본 발명에 따른 자성 입자를 이용하여 표적 물질을 분리 및 정제하는 방법은, 타겟 물질과 선택적으로 결합할 수 있는 반응기 또는 항원이 표면에 형성된 자성 입자를 제공하는 단계, 상기 타겟 물질이 포함되어 있는 혼합물에 상기 자성 입자를 분산시킴으로써 상기 타겟 물질과 상기 자성 입자가 결합되도록 하는 단계, 상기 혼합물에 자기장을 인가하여 상기 자성 입자 및 상기 자성 입자와 결합된 타겟 물질을 구속시킨 상태에서 상기 자성 입자 및 상기 자성 입자와 결합된 타겟 물질을 제외한 불순물을 제거하는 단계, 상기 인가된 자기장을 차단하여 상기 자성 입자 및 상기 자성 입자와 결합된 타겟 물질에 대한 구속이 해제된 상태에서 상기 타겟 물질을 상기 자성 입자로부터 분리시키는 단계, 및 자기장을 다시 인가하여 상기 자성 입자를 구속시킨 상태에서 상기 타겟 물질을 정제하는 단계를 포함하는 것을 특징으로 한다.

Description

자성 입자를 이용하여 표적 물질을 분리 및 정제하는 방법 및 장치{METHOD AND DEVICE FOR SEPATATING AND PURIFYING TARGET MATERIAL USING MAGNETIC PARTICLE}
본 발명은 자성 입자를 이용하여 표적 물질을 분리 및 정제하는 방법 및 장치에 관한 것이다. 보다 상세하게는, 타겟 물질과 결합될 수 있는 자성 입자를 타겟 물질과 혼합시켜 자성 입자와 타겟 물질이 결합되도록 한 후에, 서로 결합된 자성 입자와 타겟 물질을 포함하는 혼합물에 자기장을 인가하여 불순물로부터 자성 입자와 타겟 물질만을 분리하고, 불순물이 제거된 상태에서 자성 입자와 타겟 물질을 분리시키고 분리된 타겟 물질을 정제함으로써, 불순물이 포함된 혼합물로부터 타겟 물질만을 분리 및 정제해 낼 수 있도록 하는 방법 및 장치에 관한 것이다.

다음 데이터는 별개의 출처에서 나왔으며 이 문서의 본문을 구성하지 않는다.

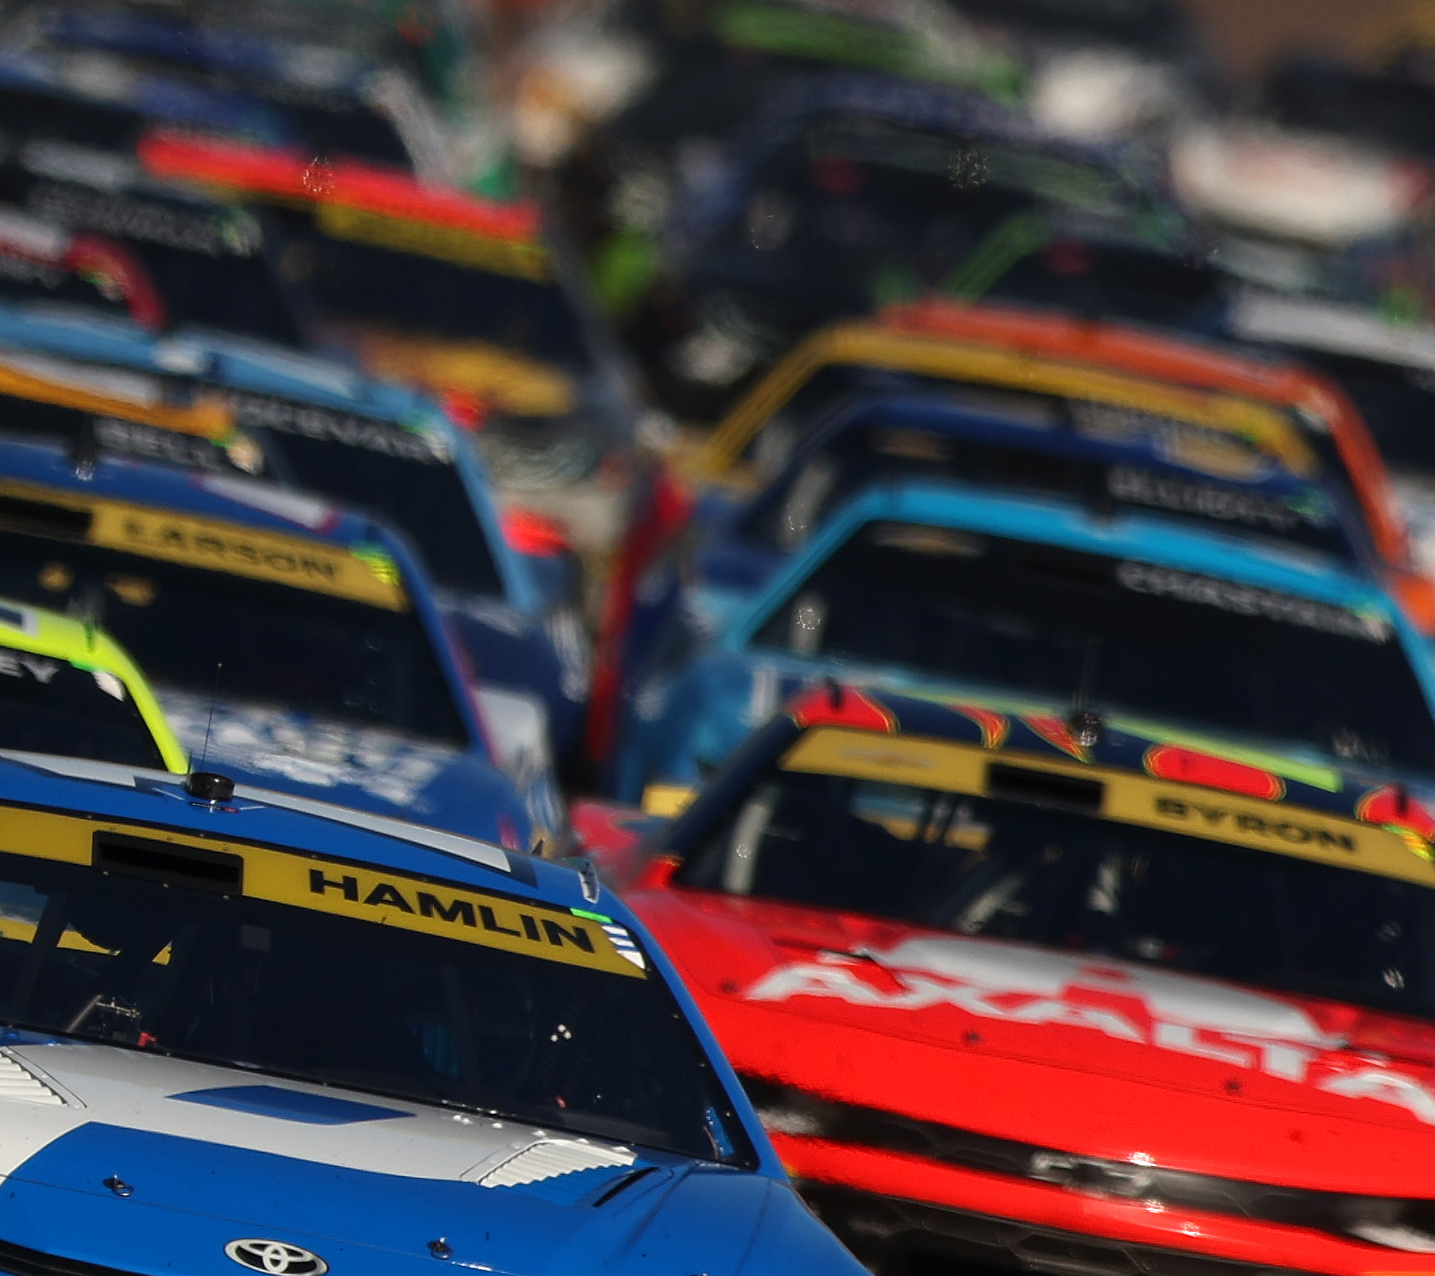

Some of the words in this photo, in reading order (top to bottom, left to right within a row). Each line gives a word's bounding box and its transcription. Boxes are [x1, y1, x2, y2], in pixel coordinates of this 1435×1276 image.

[123, 517, 338, 579] LARSON
[1154, 795, 1357, 856] BYRON
[310, 868, 596, 955] HAMLIN
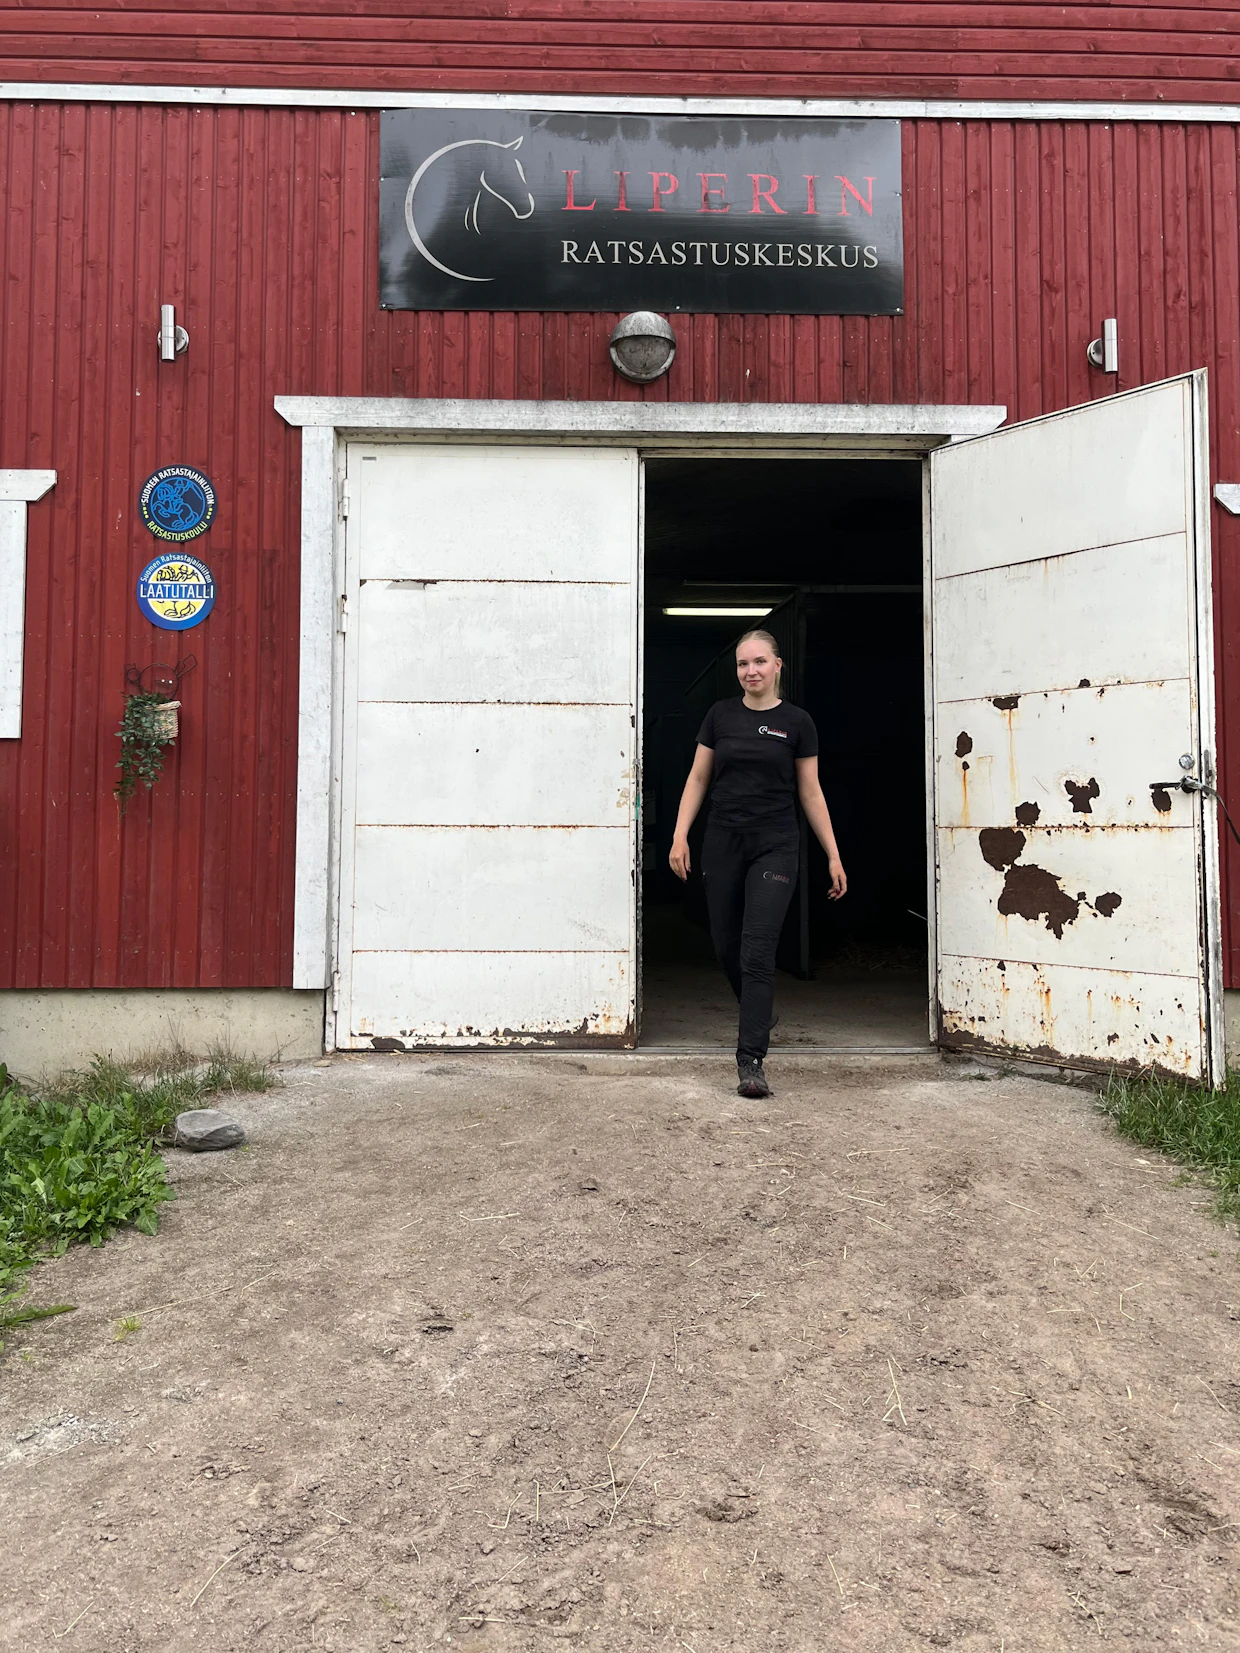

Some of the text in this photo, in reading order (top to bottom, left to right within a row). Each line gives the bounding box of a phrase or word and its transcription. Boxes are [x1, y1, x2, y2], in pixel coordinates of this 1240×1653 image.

과학 기술의 발달은 의약학 분야에도 많은 성장과 변화를 가져오게 되었다. 특히, 합성 의약품은 다양한 출발 물질을 바탕으로 할 수 있고 다양한 제조 방법으로 제조할 수 있기 때문에, 천연적 생산량이 부족한 의약품 제조 분야가 합성 의약품으로 인해 획기적으로 발달하게 되었다. 이러한 발달로 인하여 여러 질병에 대한 대량 치료제 생산이 가능하였고 인간의 수명은 연장되는 결과를 얻게 되었다. 하지만, 이러한 장점에도 불구하고 분자 구조가 복잡한 고분자 물질이나 단백질 의약품처럼 구조에 따라서 기능이 다르게 되는 치료제는 생산이 제한된다는 큰 단점도 나타났다. 이러한 단점을 극복하기 위하여 박테리아(bacteria), 효모(yeast), 동물 세포(animal cell) 등으로부터 유전자 재조합 단백질을 생산 기술이 개발되고 이를 추출 및 정제하는 기술이 발달되는 등의 바이오 의약품 산업이 발달하게 되었다.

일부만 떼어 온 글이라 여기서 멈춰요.